Task goal
Please return all of the data exactly as written.
BEGIN
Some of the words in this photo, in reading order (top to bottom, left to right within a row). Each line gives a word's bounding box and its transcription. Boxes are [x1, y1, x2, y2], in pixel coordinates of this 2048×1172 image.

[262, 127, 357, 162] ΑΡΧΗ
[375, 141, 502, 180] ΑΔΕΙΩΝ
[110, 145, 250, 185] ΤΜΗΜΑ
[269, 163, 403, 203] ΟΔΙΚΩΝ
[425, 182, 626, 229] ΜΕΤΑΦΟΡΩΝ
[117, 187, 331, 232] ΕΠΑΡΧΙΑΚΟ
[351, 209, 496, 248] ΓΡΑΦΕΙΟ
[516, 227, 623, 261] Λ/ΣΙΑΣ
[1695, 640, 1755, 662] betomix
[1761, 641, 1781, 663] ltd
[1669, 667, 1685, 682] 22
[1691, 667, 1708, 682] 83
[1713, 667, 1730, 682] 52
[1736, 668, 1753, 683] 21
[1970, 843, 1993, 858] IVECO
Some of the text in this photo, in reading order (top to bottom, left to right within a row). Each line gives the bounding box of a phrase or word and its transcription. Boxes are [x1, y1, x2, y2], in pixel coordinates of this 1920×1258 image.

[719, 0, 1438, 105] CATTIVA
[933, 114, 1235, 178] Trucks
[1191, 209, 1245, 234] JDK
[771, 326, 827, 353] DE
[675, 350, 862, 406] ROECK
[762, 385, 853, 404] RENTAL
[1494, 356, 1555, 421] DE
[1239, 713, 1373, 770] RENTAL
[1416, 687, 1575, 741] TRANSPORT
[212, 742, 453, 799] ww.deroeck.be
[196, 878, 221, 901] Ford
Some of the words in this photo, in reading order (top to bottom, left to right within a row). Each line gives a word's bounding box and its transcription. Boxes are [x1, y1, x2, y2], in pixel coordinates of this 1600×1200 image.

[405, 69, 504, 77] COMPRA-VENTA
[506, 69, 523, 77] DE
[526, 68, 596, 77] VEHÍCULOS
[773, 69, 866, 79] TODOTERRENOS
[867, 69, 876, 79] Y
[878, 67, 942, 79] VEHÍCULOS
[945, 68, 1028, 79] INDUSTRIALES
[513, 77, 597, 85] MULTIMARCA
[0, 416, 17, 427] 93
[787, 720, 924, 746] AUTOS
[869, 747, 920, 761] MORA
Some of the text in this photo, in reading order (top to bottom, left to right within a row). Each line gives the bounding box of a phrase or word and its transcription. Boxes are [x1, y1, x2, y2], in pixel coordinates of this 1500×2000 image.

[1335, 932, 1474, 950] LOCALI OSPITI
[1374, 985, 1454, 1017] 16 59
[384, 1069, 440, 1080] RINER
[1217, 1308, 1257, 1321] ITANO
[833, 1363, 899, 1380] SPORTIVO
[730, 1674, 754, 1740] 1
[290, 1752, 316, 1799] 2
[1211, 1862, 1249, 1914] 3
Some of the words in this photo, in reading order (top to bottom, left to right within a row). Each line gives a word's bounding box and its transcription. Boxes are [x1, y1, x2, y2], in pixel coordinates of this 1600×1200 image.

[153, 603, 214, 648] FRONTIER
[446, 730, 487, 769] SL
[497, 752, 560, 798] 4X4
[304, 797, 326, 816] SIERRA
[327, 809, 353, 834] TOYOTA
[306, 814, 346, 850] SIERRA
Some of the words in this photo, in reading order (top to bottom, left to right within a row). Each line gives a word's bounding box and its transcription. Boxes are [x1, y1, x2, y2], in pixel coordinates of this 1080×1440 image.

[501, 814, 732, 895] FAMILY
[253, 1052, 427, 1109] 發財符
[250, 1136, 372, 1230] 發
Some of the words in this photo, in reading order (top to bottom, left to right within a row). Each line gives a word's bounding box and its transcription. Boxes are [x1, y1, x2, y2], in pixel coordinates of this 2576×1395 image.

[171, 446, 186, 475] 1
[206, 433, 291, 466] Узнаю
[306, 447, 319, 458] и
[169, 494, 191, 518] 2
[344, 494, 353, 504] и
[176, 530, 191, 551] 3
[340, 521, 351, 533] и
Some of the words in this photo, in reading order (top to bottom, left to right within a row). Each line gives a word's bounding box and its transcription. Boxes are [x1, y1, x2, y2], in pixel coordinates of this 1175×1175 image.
END
Exercise response
Some of the words in this photo, in reading order (top to bottom, left to right within a row). Each line gives a word's bounding box and its transcription. Boxes are [x1, y1, x2, y2], in pixel coordinates of this 2048×1172 image.

[262, 127, 357, 162] ΑΡΧΗ
[375, 141, 502, 180] ΑΔΕΙΩΝ
[110, 145, 250, 185] ΤΜΗΜΑ
[269, 163, 403, 203] ΟΔΙΚΩΝ
[425, 182, 626, 229] ΜΕΤΑΦΟΡΩΝ
[117, 187, 331, 232] ΕΠΑΡΧΙΑΚΟ
[351, 209, 496, 248] ΓΡΑΦΕΙΟ
[516, 227, 623, 261] Λ/ΣΙΑΣ
[1695, 640, 1755, 662] betomix
[1761, 641, 1781, 663] ltd
[1669, 667, 1685, 682] 22
[1691, 667, 1708, 682] 83
[1713, 667, 1730, 682] 52
[1736, 668, 1753, 683] 21
[1970, 843, 1993, 858] IVECO
Some of the text in this photo, in reading order (top to bottom, left to right within a row). Each line gives the bounding box of a phrase or word and its transcription. Boxes are [x1, y1, x2, y2], in pixel coordinates of this 1920×1258 image.

[719, 0, 1438, 105] CATTIVA
[933, 114, 1235, 178] Trucks
[1191, 209, 1245, 234] JDK
[771, 326, 827, 353] DE
[675, 350, 862, 406] ROECK
[762, 385, 853, 404] RENTAL
[1494, 356, 1555, 421] DE
[1239, 713, 1373, 770] RENTAL
[1416, 687, 1575, 741] TRANSPORT
[212, 742, 453, 799] ww.deroeck.be
[196, 878, 221, 901] Ford
Some of the words in this photo, in reading order (top to bottom, left to right within a row). Each line gives a word's bounding box and its transcription. Boxes are [x1, y1, x2, y2], in pixel coordinates of this 1600×1200 image.

[405, 69, 504, 77] COMPRA-VENTA
[506, 69, 523, 77] DE
[526, 68, 596, 77] VEHÍCULOS
[773, 69, 866, 79] TODOTERRENOS
[867, 69, 876, 79] Y
[878, 67, 942, 79] VEHÍCULOS
[945, 68, 1028, 79] INDUSTRIALES
[513, 77, 597, 85] MULTIMARCA
[0, 416, 17, 427] 93
[787, 720, 924, 746] AUTOS
[869, 747, 920, 761] MORA
Some of the text in this photo, in reading order (top to bottom, left to right within a row). Each line gives the bounding box of a phrase or word and its transcription. Boxes are [x1, y1, x2, y2], in pixel coordinates of this 1500×2000 image.

[1335, 932, 1474, 950] LOCALI OSPITI
[1374, 985, 1454, 1017] 16 59
[384, 1069, 440, 1080] RINER
[1217, 1308, 1257, 1321] ITANO
[833, 1363, 899, 1380] SPORTIVO
[730, 1674, 754, 1740] 1
[290, 1752, 316, 1799] 2
[1211, 1862, 1249, 1914] 3
Some of the words in this photo, in reading order (top to bottom, left to right within a row). Each line gives a word's bounding box and its transcription. Boxes are [x1, y1, x2, y2], in pixel coordinates of this 1600×1200 image.

[153, 603, 214, 648] FRONTIER
[446, 730, 487, 769] SL
[497, 752, 560, 798] 4X4
[304, 797, 326, 816] SIERRA
[327, 809, 353, 834] TOYOTA
[306, 814, 346, 850] SIERRA
Some of the words in this photo, in reading order (top to bottom, left to right within a row). Each line gives a word's bounding box and its transcription. Boxes are [x1, y1, x2, y2], in pixel coordinates of this 1080×1440 image.

[501, 814, 732, 895] FAMILY
[253, 1052, 427, 1109] 發財符
[250, 1136, 372, 1230] 發
Some of the words in this photo, in reading order (top to bottom, left to right within a row). Each line gives a word's bounding box and its transcription. Boxes are [x1, y1, x2, y2], in pixel coordinates of this 2576×1395 image.

[171, 446, 186, 475] 1
[206, 433, 291, 466] Узнаю
[306, 447, 319, 458] и
[169, 494, 191, 518] 2
[344, 494, 353, 504] и
[176, 530, 191, 551] 3
[340, 521, 351, 533] и
Some of the words in this photo, in reading order (top to bottom, left to right within a row). Each line gives a word's bounding box and its transcription. Boxes are [x1, y1, x2, y2], in pixel coordinates of this 1175×1175 image.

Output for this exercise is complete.